Das ist ein Fehler. KI-Systeme lassen Antworten plausibel erscheinen. Aber das heißt noch lange nicht, dass sie auch richtig sind. Denn auf welcher Datenbasis sie zu ihren Ergebnissen kommen, ist häufig unklar. Manche Sprachmodelle geben bei ihren Ergebnissen Quellen an, aus denen sie ihre Informationen beziehen. Wer sichergehen will muss sie prüfen, nach besten Wissen und Gewissen. Letztlich müssen diejenigen, die KI beauftragten, auch die Verifizierung der Ergebnisse sicherstellen. Ein Bespiel dafür sind Programmier-Hilfe-KIs, die Programmierer:innen beim Softwareschreiben unterstützen. Ob sie wirklich genau das tun, was sie sollen, oder ob es Abweichungen gibt? Den Menschen, die diese Werkzeuge nutzen und sich aber noch nicht so gut mit Programmieren auskennen, könnte dies lange verborgen bleiben.

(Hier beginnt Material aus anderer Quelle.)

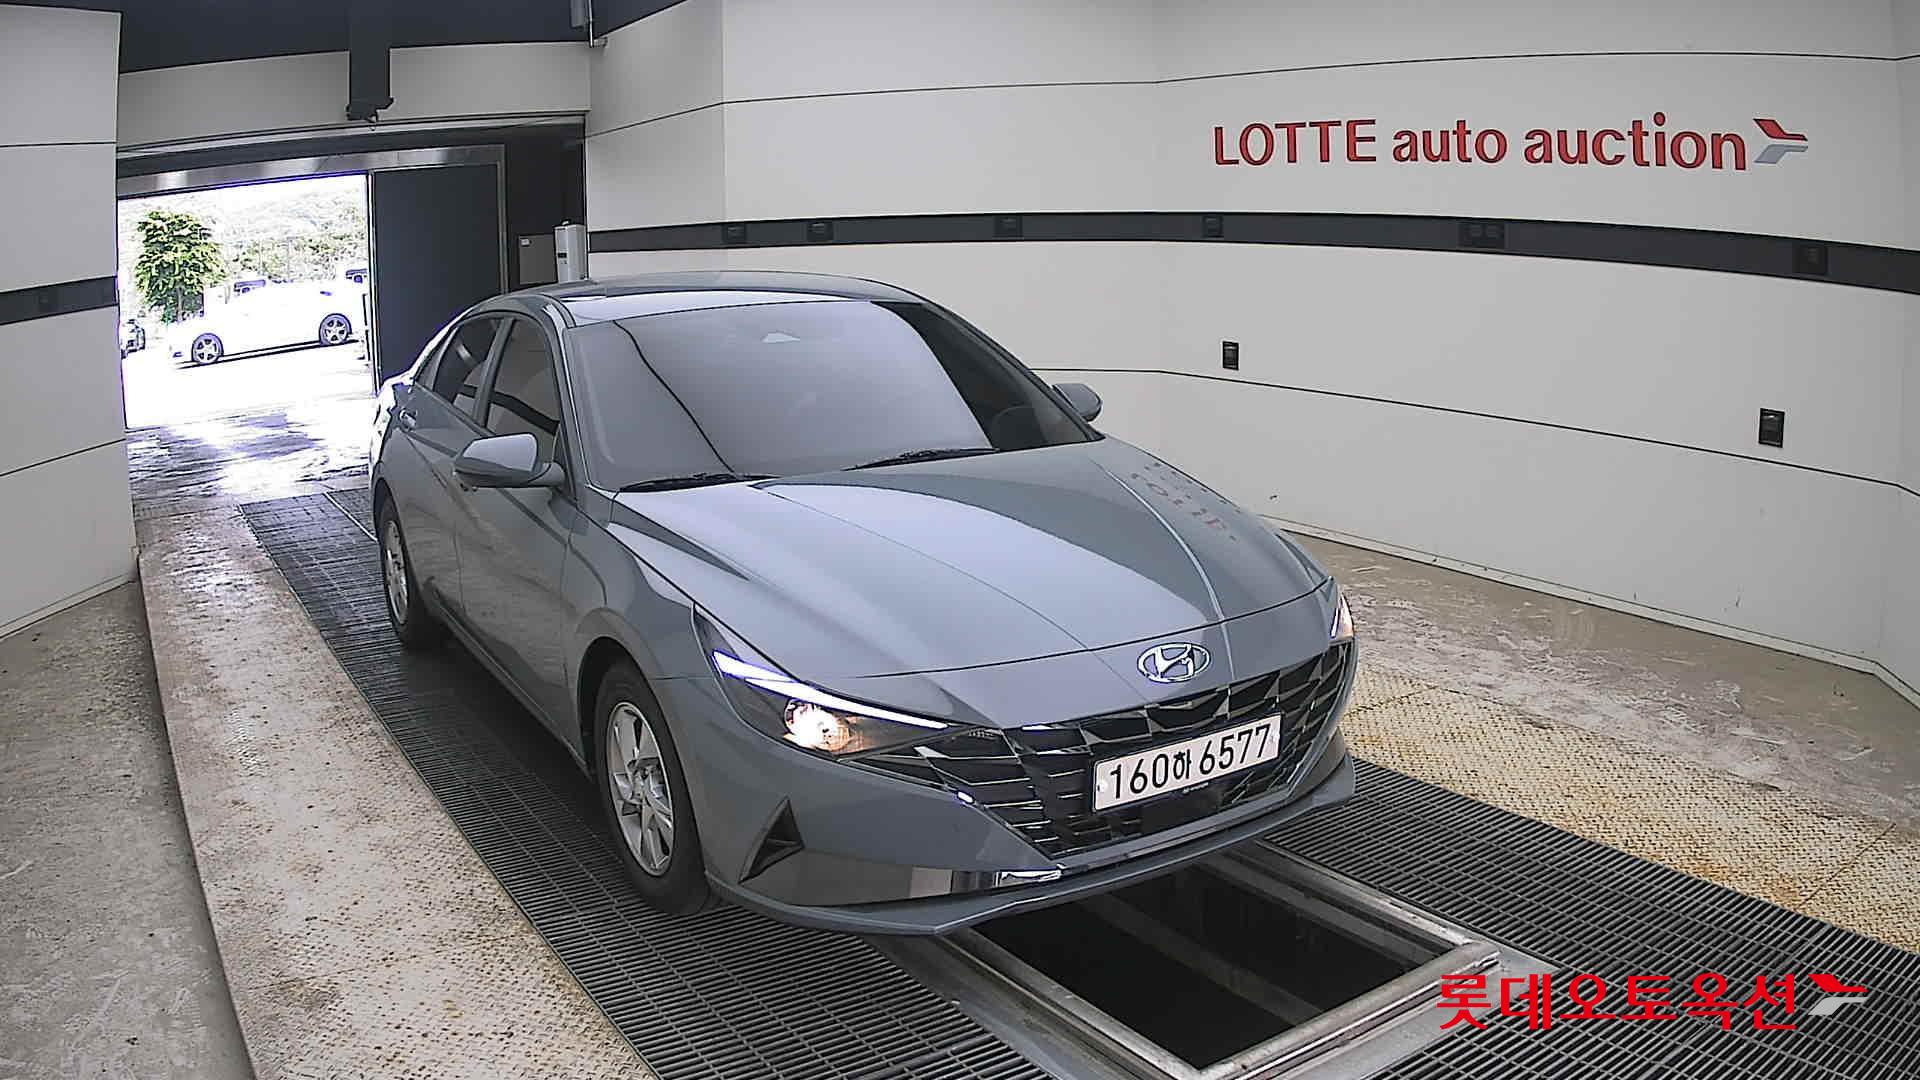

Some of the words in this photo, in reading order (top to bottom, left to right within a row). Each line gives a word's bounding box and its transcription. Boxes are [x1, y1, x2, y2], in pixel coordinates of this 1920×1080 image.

[1213, 118, 1377, 166] LOTTE
[1392, 119, 1508, 165] auto
[1523, 111, 1747, 171] auction
[1110, 749, 1192, 799] 160하
[1199, 723, 1271, 775] 6577

Das zeigt, wie wichtig es ist, dass menschliche Akteure verstehen, wie KI funktioniert, und sie hinterfragen. Umso wichtiger ist es – in Institutionen, Unternehmen, aber auch für Privatpersonen –, dass sie ein gesundes Misstrauen gegenüber der Künstlichen Intelligenz entwickeln. Dazu gehört: von der KI angegebene Quellen prüfen. Ergebnisse der KI und deren Entscheidungen auf Basis gesunden Menschenverstandes hinterfragen. Wissen schaffen – ohne das geht es nicht. Und vor allem: geht es nicht weiter im Job. Immer mehr Institutionen bieten Lehrgänge in diesem Bereich an. Arbeitsmarktforscher halten KI-Fähigkeiten aktuell zu den wertvollsten am Arbeitsmarkt. 

Als die ersten PCs, die Personal Computer, die Zeitungsredaktionen eroberten, teilten sie die Belegschaft in zwei Fraktionen: Die einen lehnten die Kästen mit den flimmernden grünen Buchstaben auf dem Bildschirm rundweg ab. Zur Zeitungsbranche gehöre das Klappern von Schreibmaschinen und der Geruch von Papier, sagten sie. Die anderen sahen die Vorteile. Es war wie im alten chinesischen Sprichwort: Wenn der Wind des Wandels weht, bauen die einen Mauern, die anderen Windmühlen. 

Das Internet hat neue Formen der Kommunikation ermöglicht. Es hat Arbeit unglaublich effizient gemacht, die Automatisierung vorangetrieben, die gesamte Wertschöpfungskette erobert. KI ist ein weiterer Sprung in eine neue industrielle Revolution: Industrie 5.0. Sie gibt denen Rückenwind, die ihn zu nutzen wissen.